[Collected data]
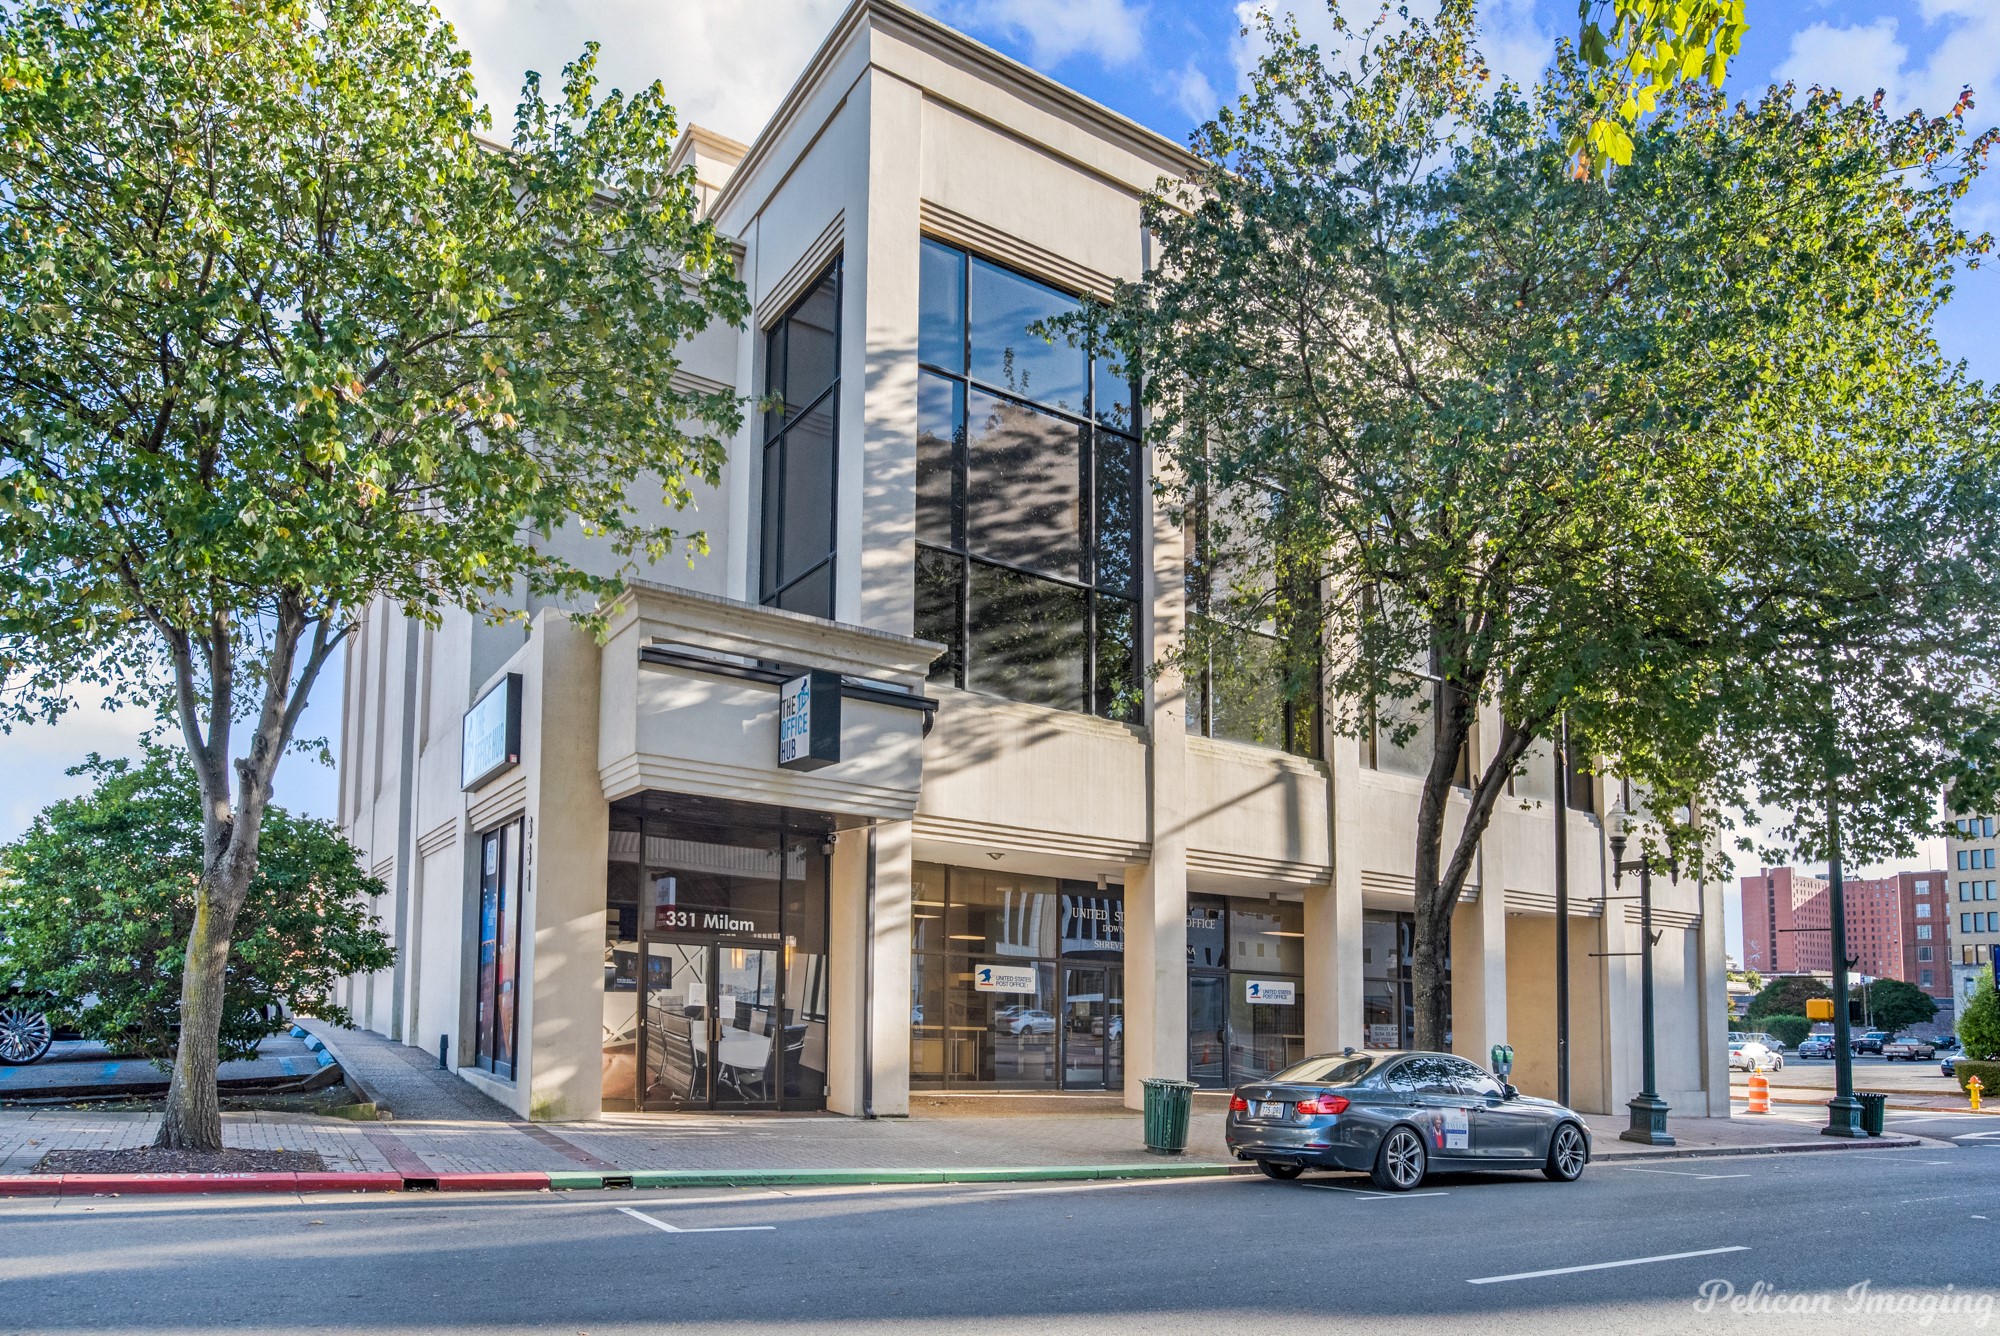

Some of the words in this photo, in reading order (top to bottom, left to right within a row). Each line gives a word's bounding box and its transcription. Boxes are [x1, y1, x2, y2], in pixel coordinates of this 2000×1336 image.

[782, 694, 796, 718] THE
[782, 712, 808, 740] OFFICE
[491, 721, 505, 762] HUB
[781, 739, 796, 762] HUB
[665, 910, 696, 928] 331
[703, 913, 755, 932] Milam
[1072, 907, 1108, 921] UNITED
[1186, 917, 1216, 929] OFFICE
[1102, 924, 1124, 933] DOWN
[1094, 940, 1124, 950] SHREVE

### HOW TO COMPLETE THIS TASK
Your answer must be an exact copy of every entry, with no pictures in it.

### WRITTEN ANSWER
Some of the words in this photo, in reading order (top to bottom, left to right within a row). Each line gives a word's bounding box and its transcription. Boxes are [x1, y1, x2, y2], in pixel coordinates of this 2000×1336 image.

[782, 694, 796, 718] THE
[782, 712, 808, 740] OFFICE
[491, 721, 505, 762] HUB
[781, 739, 796, 762] HUB
[665, 910, 696, 928] 331
[703, 913, 755, 932] Milam
[1072, 907, 1108, 921] UNITED
[1186, 917, 1216, 929] OFFICE
[1102, 924, 1124, 933] DOWN
[1094, 940, 1124, 950] SHREVE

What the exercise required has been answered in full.